What’s it really like to live in an eco-community?

Jenny Pickerill, Professor in Environmental Geography, has published a comic strip based on her experiences of working with eco-communities over the last 15 years.

Screenshot from Jenny Pickerill's comic about eco-communities

The comic strip aims to capture the daily joys and dilemmas of life in an eco-community, from sharing food and raising children to improving accessibility and addressing issues of diversity and gender equality.

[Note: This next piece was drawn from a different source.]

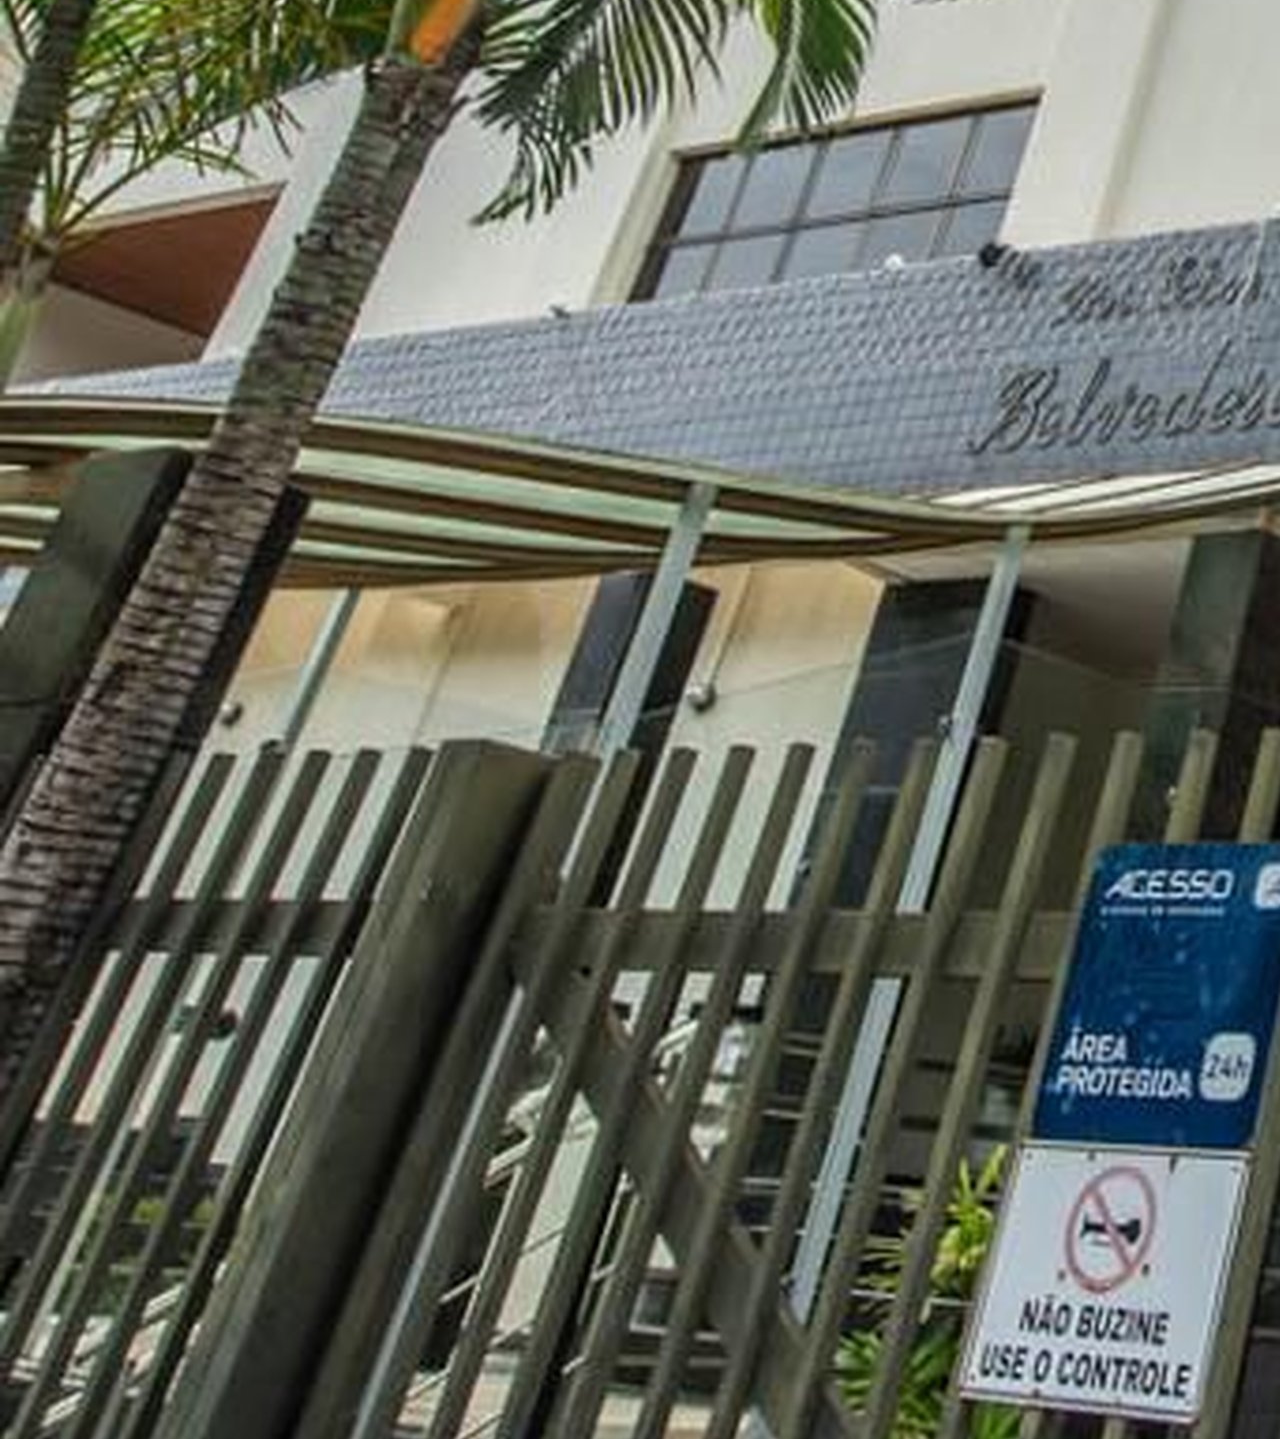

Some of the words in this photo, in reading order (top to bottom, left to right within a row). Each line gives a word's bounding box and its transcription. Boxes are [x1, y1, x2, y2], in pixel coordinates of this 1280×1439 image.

Download the full comic hereEco-communities are collective and collaborative projects that seek to balance human with environmental needs. They encompass eco-villages, intentional communities, co-housing and low impact developments among others. They share common concerns for minimising environmental impact, maximising use of renewable energies and materials, self-provision (such as food), and seeking to reshape social lives, with an emphasis on mutual aid, sharing of spaces and resources, and an ethics of collectivity.

Discussing her experience of these communities, Prof Pickerill said: “Eco-communities make visible the politics of individuals, and in so doing the complex politics of everyday social lives and living together. The negotiations required to share personal spaces, other people’s children, the laundry, a neighbours’ musical choices, for example, become writ-large in the success or failure of an eco-community.

“We made this comic as a hopeful way to open up some of the conversations about eco-communities – their potentials and also elements that need further reflection.”